--- Problem requirements ---
Write out each line below exactly as it appears.

--------------------------------

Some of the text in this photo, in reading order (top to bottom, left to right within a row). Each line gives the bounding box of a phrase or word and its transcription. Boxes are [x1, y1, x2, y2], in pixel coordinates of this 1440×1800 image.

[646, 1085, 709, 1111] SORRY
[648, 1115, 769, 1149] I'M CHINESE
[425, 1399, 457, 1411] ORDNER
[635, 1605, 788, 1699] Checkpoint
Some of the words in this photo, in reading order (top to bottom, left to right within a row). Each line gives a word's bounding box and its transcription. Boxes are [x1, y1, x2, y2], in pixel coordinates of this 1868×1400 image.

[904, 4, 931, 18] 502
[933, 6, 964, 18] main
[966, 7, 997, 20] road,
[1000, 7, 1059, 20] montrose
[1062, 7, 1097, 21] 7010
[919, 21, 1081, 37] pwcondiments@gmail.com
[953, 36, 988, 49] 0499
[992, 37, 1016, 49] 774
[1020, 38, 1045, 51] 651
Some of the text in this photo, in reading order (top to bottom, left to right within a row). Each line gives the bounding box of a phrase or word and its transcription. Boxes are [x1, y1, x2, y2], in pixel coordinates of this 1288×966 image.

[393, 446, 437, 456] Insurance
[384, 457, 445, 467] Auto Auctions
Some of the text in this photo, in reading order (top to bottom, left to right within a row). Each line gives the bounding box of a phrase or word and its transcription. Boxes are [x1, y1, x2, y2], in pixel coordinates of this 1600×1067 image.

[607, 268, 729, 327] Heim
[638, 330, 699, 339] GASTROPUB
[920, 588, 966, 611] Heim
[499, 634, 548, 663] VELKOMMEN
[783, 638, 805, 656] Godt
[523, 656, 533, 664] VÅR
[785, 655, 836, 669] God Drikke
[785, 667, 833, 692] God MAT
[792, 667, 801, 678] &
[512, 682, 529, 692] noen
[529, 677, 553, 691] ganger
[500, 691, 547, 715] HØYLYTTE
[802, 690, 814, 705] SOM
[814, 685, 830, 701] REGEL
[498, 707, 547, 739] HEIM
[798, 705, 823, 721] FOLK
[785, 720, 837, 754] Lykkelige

--------------------------------

--- Result ---
Some of the text in this photo, in reading order (top to bottom, left to right within a row). Each line gives the bounding box of a phrase or word and its transcription. Boxes are [x1, y1, x2, y2], in pixel coordinates of this 1440×1800 image.

[646, 1085, 709, 1111] SORRY
[648, 1115, 769, 1149] I'M CHINESE
[425, 1399, 457, 1411] ORDNER
[635, 1605, 788, 1699] Checkpoint
Some of the words in this photo, in reading order (top to bottom, left to right within a row). Each line gives a word's bounding box and its transcription. Boxes are [x1, y1, x2, y2], in pixel coordinates of this 1868×1400 image.

[904, 4, 931, 18] 502
[933, 6, 964, 18] main
[966, 7, 997, 20] road,
[1000, 7, 1059, 20] montrose
[1062, 7, 1097, 21] 7010
[919, 21, 1081, 37] pwcondiments@gmail.com
[953, 36, 988, 49] 0499
[992, 37, 1016, 49] 774
[1020, 38, 1045, 51] 651
Some of the text in this photo, in reading order (top to bottom, left to right within a row). Each line gives the bounding box of a phrase or word and its transcription. Boxes are [x1, y1, x2, y2], in pixel coordinates of this 1288×966 image.

[393, 446, 437, 456] Insurance
[384, 457, 445, 467] Auto Auctions
Some of the text in this photo, in reading order (top to bottom, left to right within a row). Each line gives the bounding box of a phrase or word and its transcription. Boxes are [x1, y1, x2, y2], in pixel coordinates of this 1600×1067 image.

[607, 268, 729, 327] Heim
[638, 330, 699, 339] GASTROPUB
[920, 588, 966, 611] Heim
[499, 634, 548, 663] VELKOMMEN
[783, 638, 805, 656] Godt
[523, 656, 533, 664] VÅR
[785, 655, 836, 669] God Drikke
[785, 667, 833, 692] God MAT
[792, 667, 801, 678] &
[512, 682, 529, 692] noen
[529, 677, 553, 691] ganger
[500, 691, 547, 715] HØYLYTTE
[802, 690, 814, 705] SOM
[814, 685, 830, 701] REGEL
[498, 707, 547, 739] HEIM
[798, 705, 823, 721] FOLK
[785, 720, 837, 754] Lykkelige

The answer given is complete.